The Rolling Stones and Kiss are both classic rock bands with a certain swagger, so it only makes sense one of Kiss’ more famous songs was an intentional Rolling Stones rip off. In fact, the Kiss song in question was originally going to have a name similar to the Rolling Stones song which inspired it. However Kiss member Paul Stanley got in the way of that.
The song that inspired the Rolling Stones’ ‘Brown Sugar’
It all starts with rock ‘n’ roll singer Freddy Canon. He gave the world a hit song called “Tallahassee Lassie” in 1959. During a Rolling Stone interview, Mick Jagger said he wrote a groove for “Brown Sugar” which was reminiscent of the groove from “Tallahassee Lassie.”
Because of this, “Brown Sugar” could be seen as one of many examples of 1970s pop culture designed to emulate the 1950s. After that, the cycle of influence would continue when Kiss drew inspiration from “Brown Sugar.”
The time members of Kiss stole song titles from each other
Kiss went into depth about the creation of their songs in the book KISS Behind the Mask: The Official Authorized Biography. In the book, members of the band say they were influenced by everything from Led Zeppelin’s “Whole Lotta Love” to the Fab Four to The Three Stooges. In addition, Gene Simmons even said he tried to rip off the Rolling Stones’ “Brown Sugar” with one of his band’s biggest hits.
“I told [Kiss’] Paul [Stanley] I was writing a … song called ‘Black Diamond’ and that I was going to rip off the Rolling Stones song ‘Brown Sugar,’” Simmons admitted. “They sound like they’re sisters, ‘Brown Sugar,’ the younger sister of ‘Black Diamond,’ who is the experienced prostitute walking the streets. That was gonna be my story, she’s out on the streets for a living, ‘Black Diamond.’”
The following day, Stanley wrote another song also called “Black Diamond.” Because of this, Simmons changed the title of his song “Black Diamond” to “Christine Sixteen.” The finished song was not about a prostitute.
How ‘Christine Sixteen’ compares to ‘Brown Sugar’
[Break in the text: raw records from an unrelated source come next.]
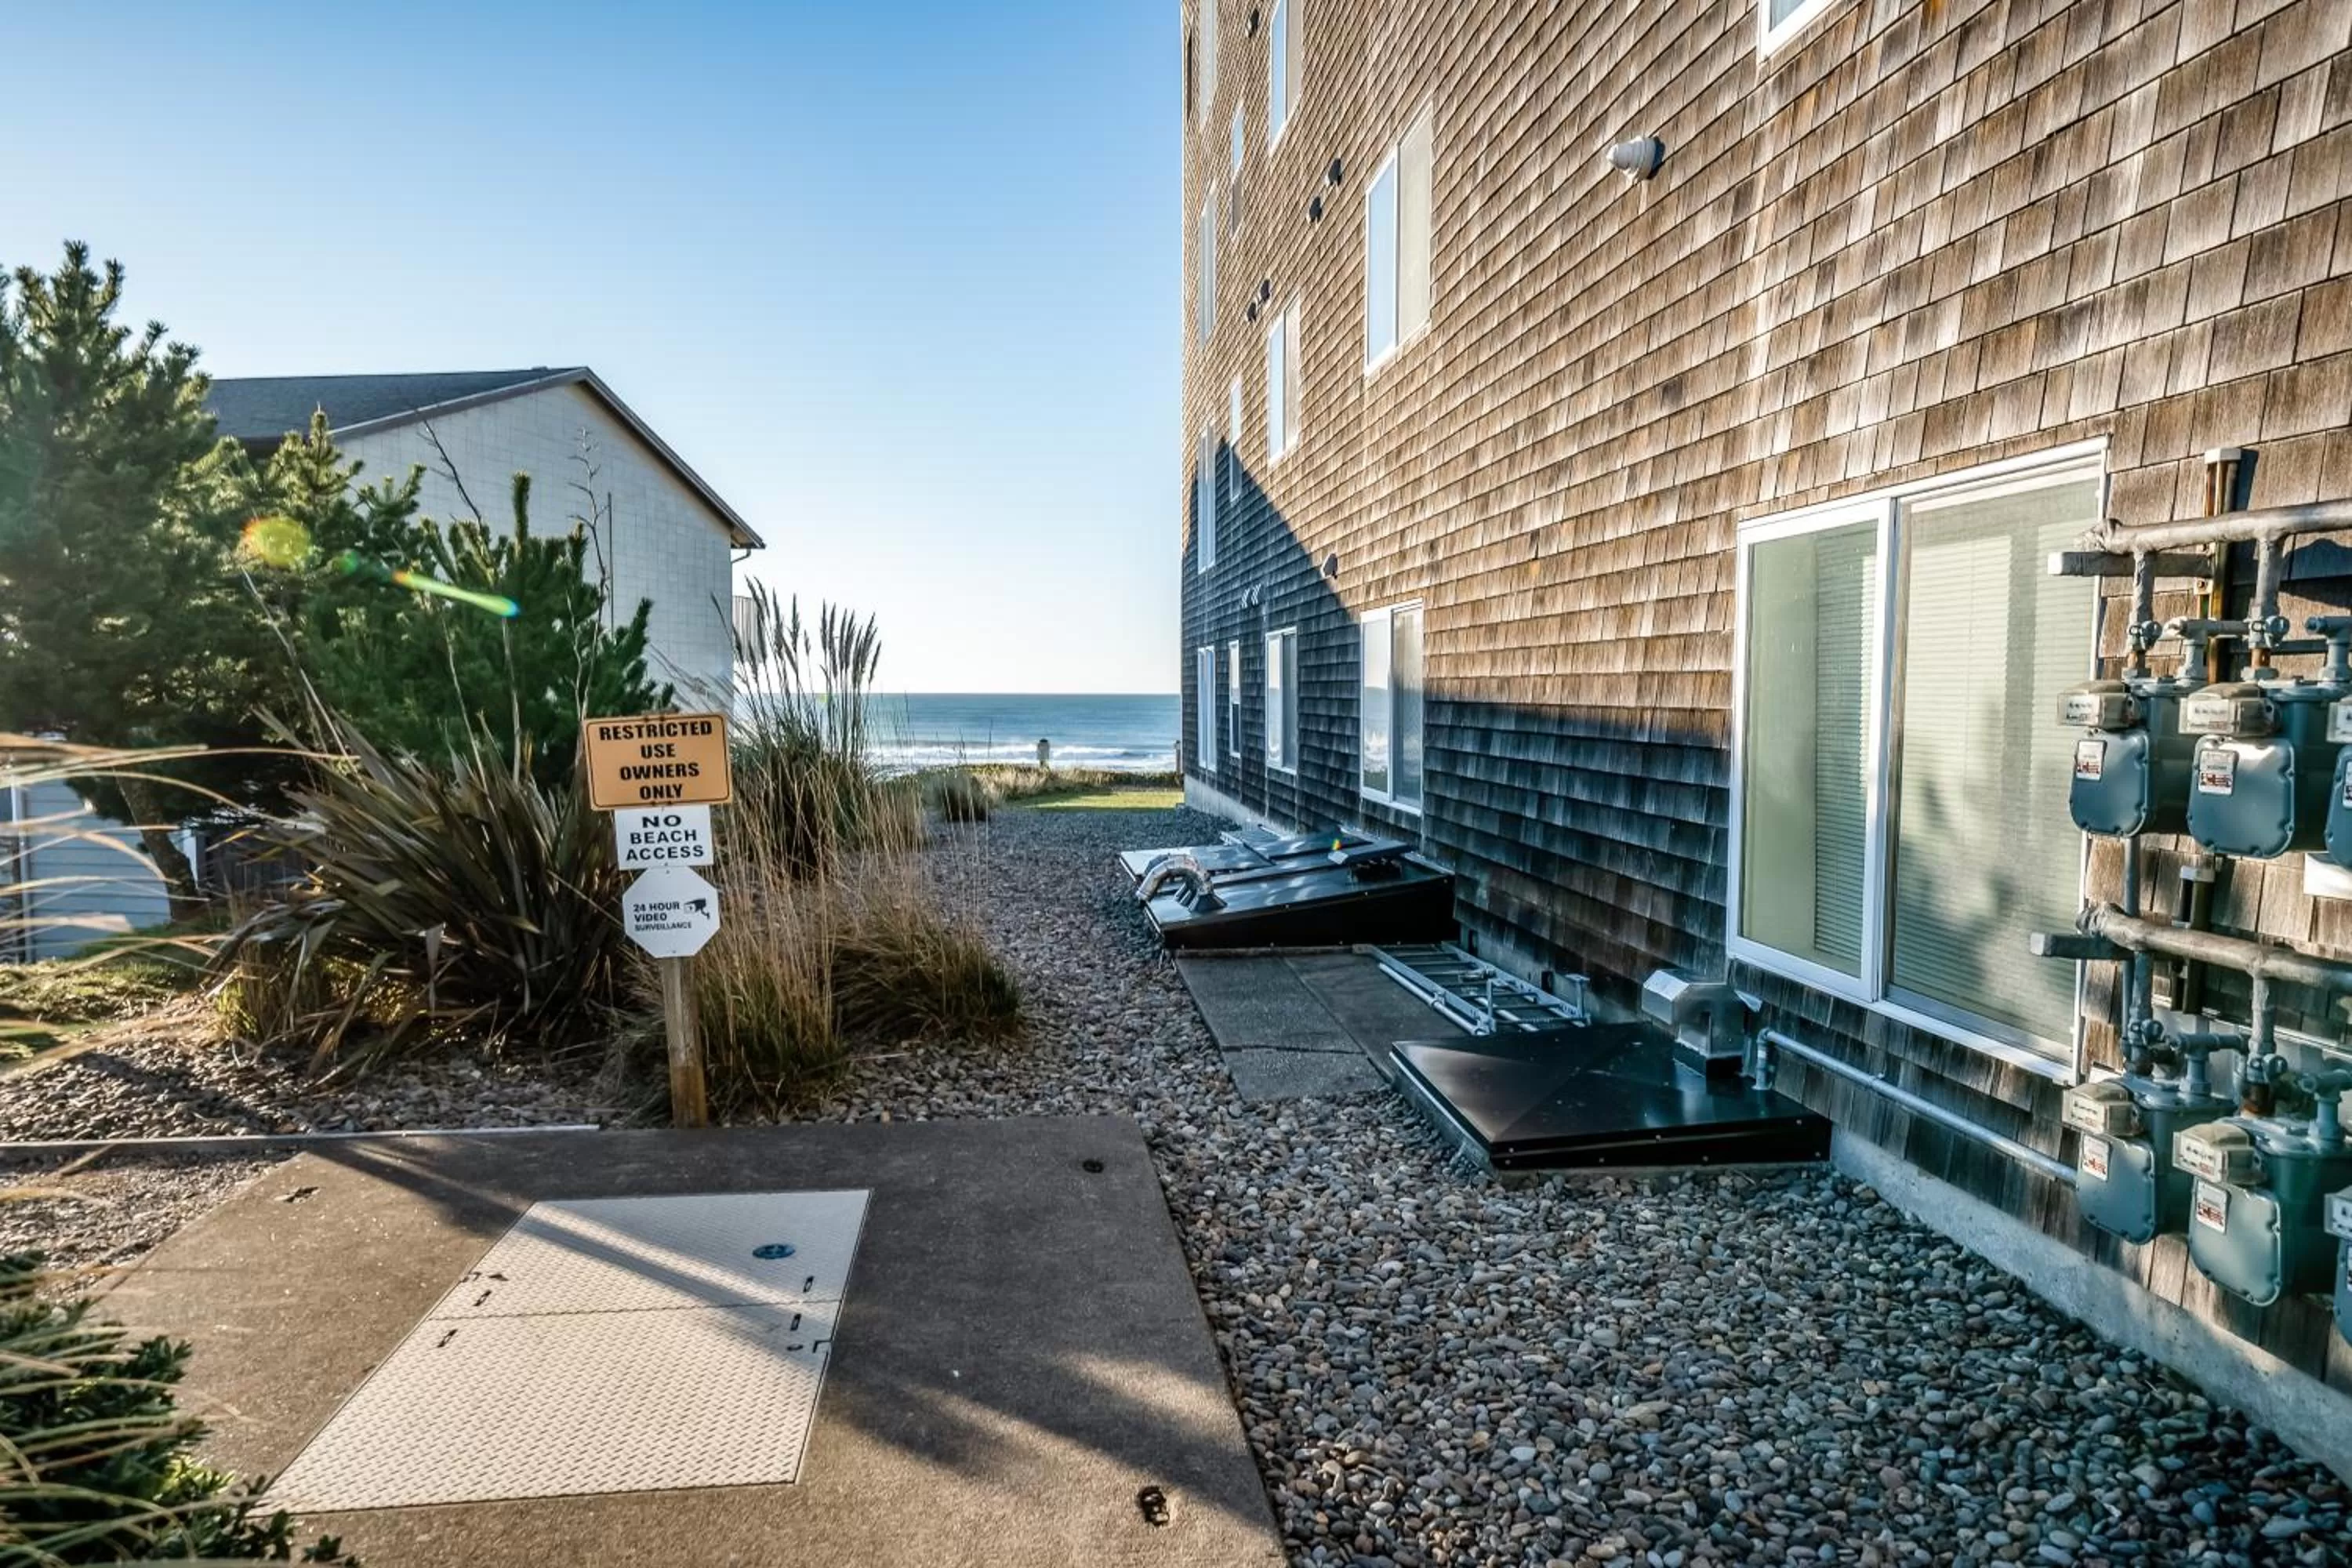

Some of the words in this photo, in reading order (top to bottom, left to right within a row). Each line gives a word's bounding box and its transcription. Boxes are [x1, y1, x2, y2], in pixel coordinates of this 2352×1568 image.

[600, 721, 712, 741] RESTRICTED
[641, 743, 675, 759] USE
[620, 763, 699, 780] OWNERS
[639, 784, 683, 800] ONLY
[642, 815, 681, 828] NO
[630, 830, 696, 844] BEACH
[626, 845, 703, 860] ACCESS
[633, 903, 647, 913] 24
[649, 902, 681, 912] HOUR
[634, 913, 667, 922] VIDEO
[634, 920, 692, 931] SURVEILLANCE
“Christine Sixteen” sounds like “Brown Sugar” but it has a very different subject matter. The former is about an older individual who falls in love with a 16-year-old while the latter is about the Antebellum South. How did the two songs compare on the charts?
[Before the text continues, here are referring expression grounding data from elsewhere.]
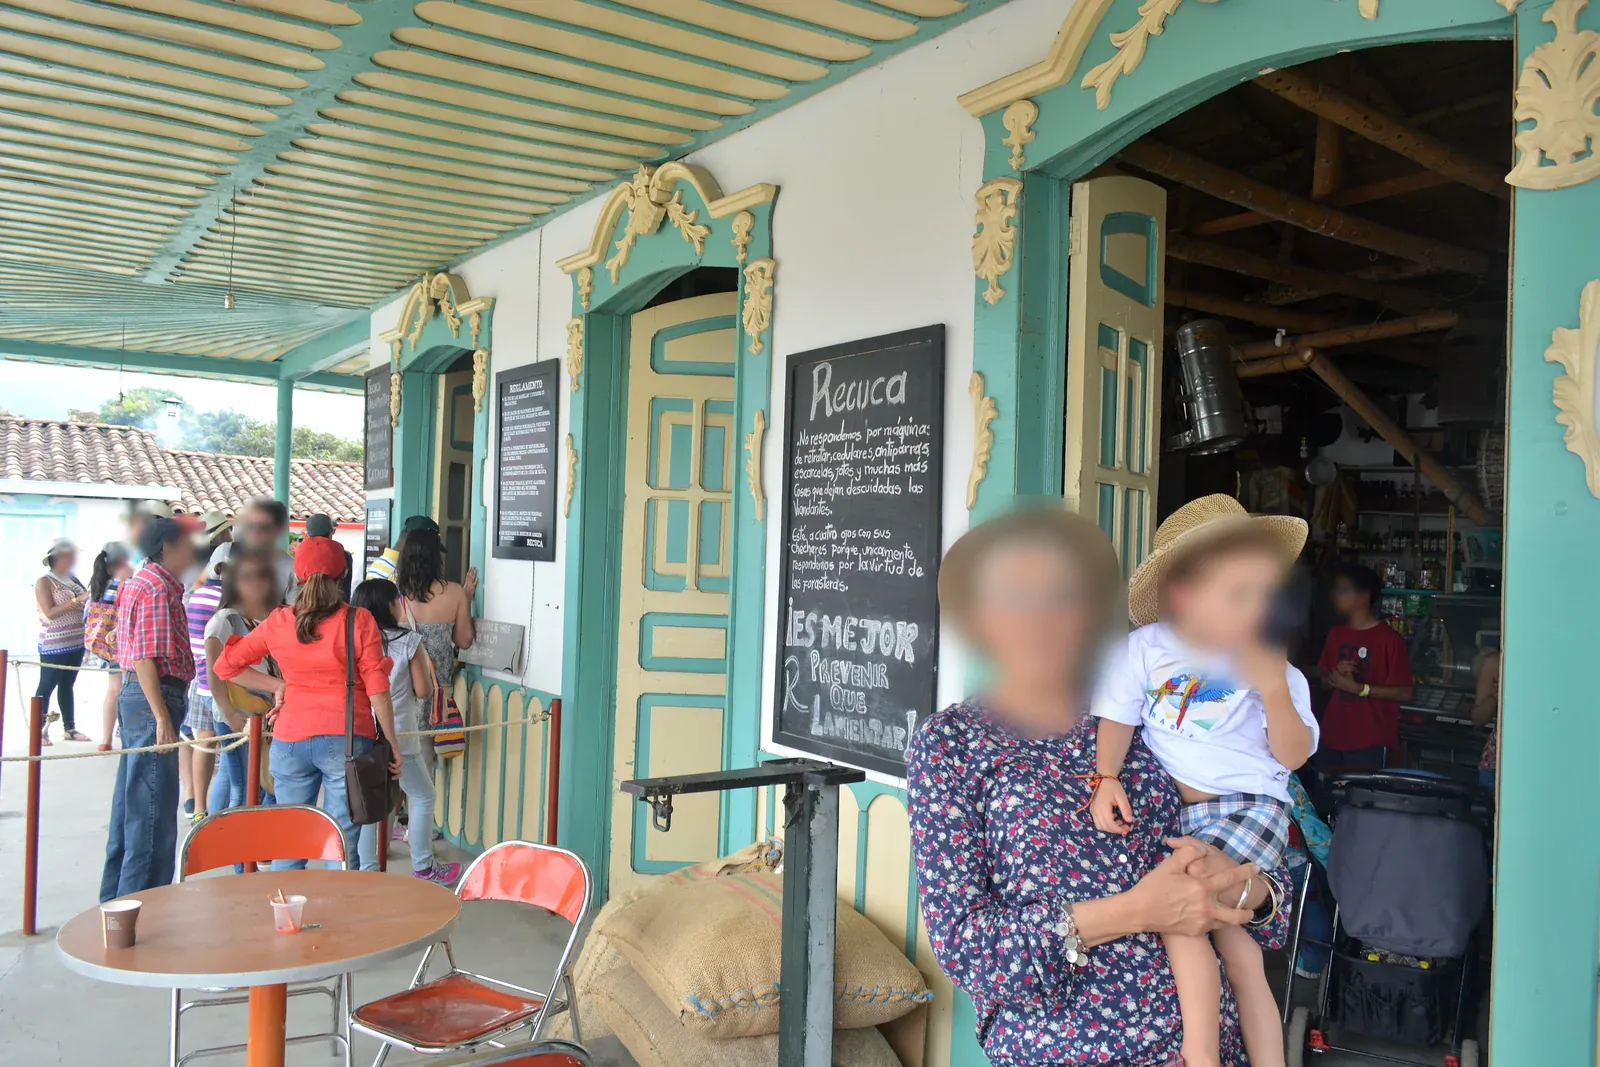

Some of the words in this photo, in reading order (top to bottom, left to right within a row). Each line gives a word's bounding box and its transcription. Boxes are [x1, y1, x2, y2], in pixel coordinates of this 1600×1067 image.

[509, 379, 543, 393] REGLAMENTO
[810, 362, 908, 421] Recuca
[810, 419, 862, 448] respondemos
[866, 425, 882, 444] por
[794, 448, 802, 465] de
[854, 466, 862, 481] y
[865, 459, 901, 475] muchas
[905, 456, 928, 473] más
[812, 486, 824, 502] que
[824, 481, 844, 501] dejan
[846, 478, 902, 495] descuidadas
[908, 476, 924, 494] las
[809, 532, 815, 541] a
[841, 530, 857, 545] ojos
[873, 528, 891, 540] sus
[792, 555, 834, 575] respondemos
[839, 560, 854, 575] por
[858, 553, 868, 571] la
[908, 559, 924, 577] de
[792, 573, 801, 589] las
[821, 615, 919, 664] MEJOR
[810, 650, 889, 689] PREVENIR
[830, 684, 867, 714] QUE
“Brown Sugar” reached No. 1 on the Billboard Hot 100. It’s one of several No. 1 singles by the Rolling Stones, meaning it’s one of the group’s bigger hits. Similarly, “Christine Sixteen” became one of Kiss’ biggest hits, however, it merely reached No. 25 on the Billboard Hot 100.
This is unsurprising, as Kiss only reached the top 10 three times and never a No. 1 single. Regardless of how “Brown Sugar’ and “Christine Sixteen” performed, it’s fascinating how there’s connective tissue between these two iconic 1970s rock songs.